This week, the U.S. Senate took up legislation that purports to protect an individual’s right to contraceptives. Both Democrats and Republicans disagree on whether Senate Bill 4381 is needed, but there has been a push to codify contraceptive rights since the Supreme Court’s 2022 decision in Dobbs.

Laying to rest fears about sea changes in reproductive law is a worthy legislative endeavor. But it needs to be done with sensitivity to our constitutional design. And with this single act, Congress would invalidate some law in almost every state in America, unnecessarily running roughshod over parental rights and religious freedom protections.

The law, as considered by the Senate, would give individuals a “statutory right to … obtain contraceptives … free from coercion,” and it gives health care providers “corresponding right(s)” to provide contraceptives. It “supersedes” all federal and state law, “whether adopted before or after” the bill’s enactment. And it bars states from doing anything that “prohibits or restricts the sale, provision, or use of any contraceptives” — whether by law, rule or enforcement.

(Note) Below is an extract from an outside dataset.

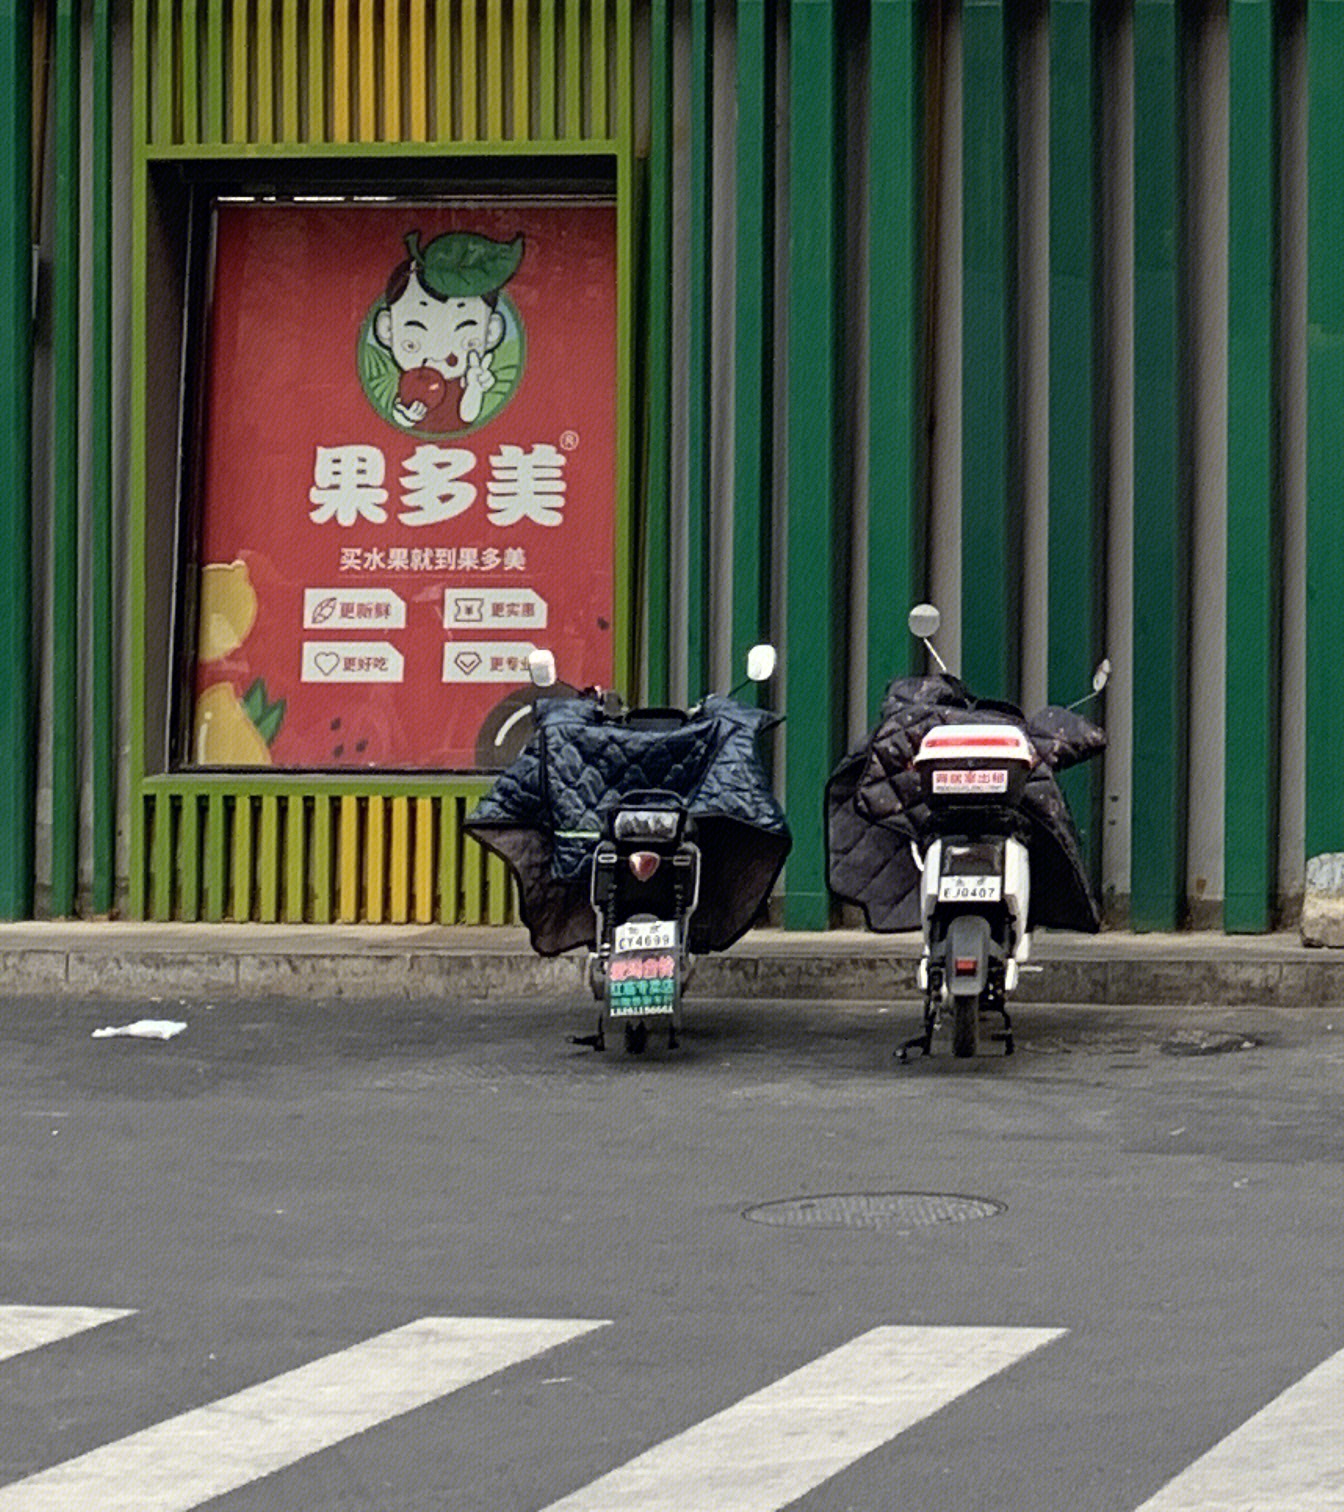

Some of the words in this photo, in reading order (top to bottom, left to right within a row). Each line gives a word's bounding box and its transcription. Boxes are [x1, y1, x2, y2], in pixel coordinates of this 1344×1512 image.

Significantly, in an act of Congress, the word “individual” means everyone — children and adults.

The word “child” appears nowhere in SB4381. Nor does the word “parent.”

The bill, therefore, establishes a minor’s right to contraception, despite the fact that 24 states give parents some say in contraception for their children, and the Supreme Court has long recognized the “interest of parents in the care, custody and control of their children.” Parental rights, the court has said, are “perhaps the oldest of the fundamental liberty interests.”

Of the 24 states that give parents some say in contraception, some allow minors to consent if a doctor makes a referral, as Illinois and Mississippi do. Some make exceptions from the normal parental-consent rule when a minor is married, as Connecticut and 16 other states do; when a minor is already pregnant, as New Jersey and three other states do; or when a minor is already a parent, as Illinois does. Some make special allowances for mature minors, as New Hampshire and three other states do; high school graduates, as Alabama does; or those referred by clergy, as Illinois does.

These rules are not culture-war measures. In Utah, married minors can decide without parental consent because they have reached an important marker of adulthood. Courts in family matters routinely give voice to mature minors. These laws have served the people of these states well by striking a balance between the autonomy and privacy of minors and the rights of their parents. If the policy balances struck by state legislatures after hearing from the citizens of their states prove unworkable, those citizens can ask for changes and be heard. In statehouses, ordinary people come and express their views. Hearings in Congress, in contrast, are full of “experts” and invited witnesses, not ordinary people.

The regulation of intimate family decision-making is not uniform across America and does not have to be. The states are proven laboratories of experimentation, and this is a great strength of our federal system.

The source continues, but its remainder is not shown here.